**Work instructions:** The data below is to be transcribed word for word; pictures are to be excluded.

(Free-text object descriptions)
##########

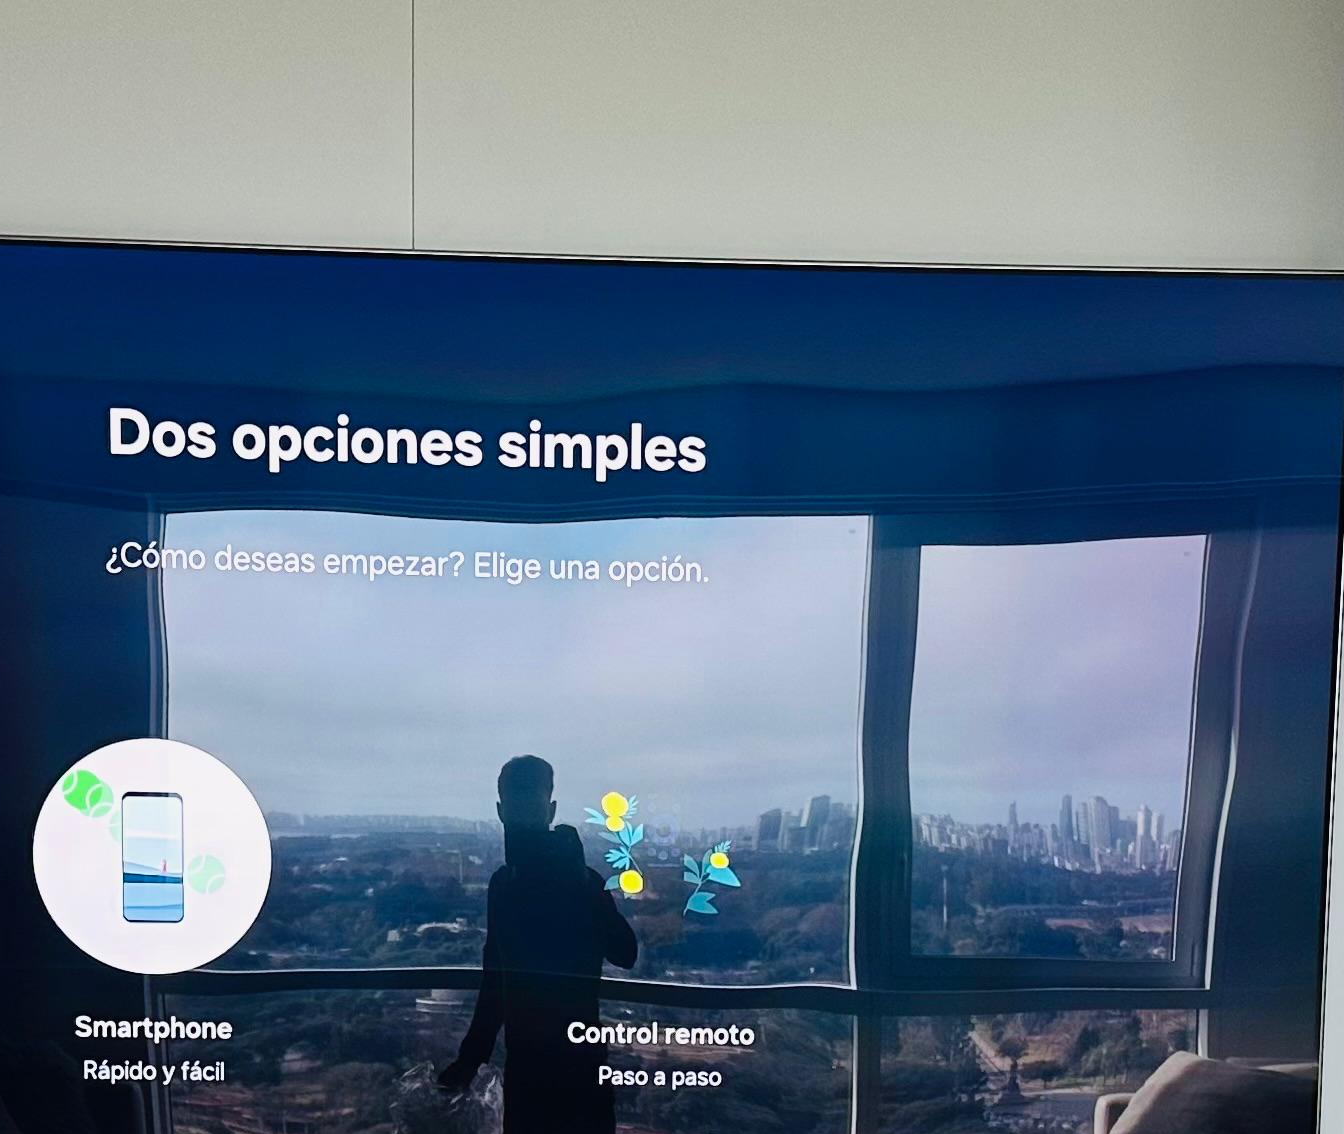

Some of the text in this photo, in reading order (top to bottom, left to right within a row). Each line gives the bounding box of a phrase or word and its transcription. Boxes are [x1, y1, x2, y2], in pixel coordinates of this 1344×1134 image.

[109, 407, 707, 482] Dos opciones simples
[106, 541, 710, 585] ¿Cómo deseas empezar? Elige una opción.
[75, 1015, 233, 1044] Smartphone
[567, 1022, 755, 1045] Control remoto
[83, 1059, 225, 1085] Rápido y fácil
[598, 1066, 722, 1090] Paso a paso

##########

**Task solution:**
Some of the text in this photo, in reading order (top to bottom, left to right within a row). Each line gives the bounding box of a phrase or word and its transcription. Boxes are [x1, y1, x2, y2], in pixel coordinates of this 1344×1134 image.

[109, 407, 707, 482] Dos opciones simples
[106, 541, 710, 585] ¿Cómo deseas empezar? Elige una opción.
[75, 1015, 233, 1044] Smartphone
[567, 1022, 755, 1045] Control remoto
[83, 1059, 225, 1085] Rápido y fácil
[598, 1066, 722, 1090] Paso a paso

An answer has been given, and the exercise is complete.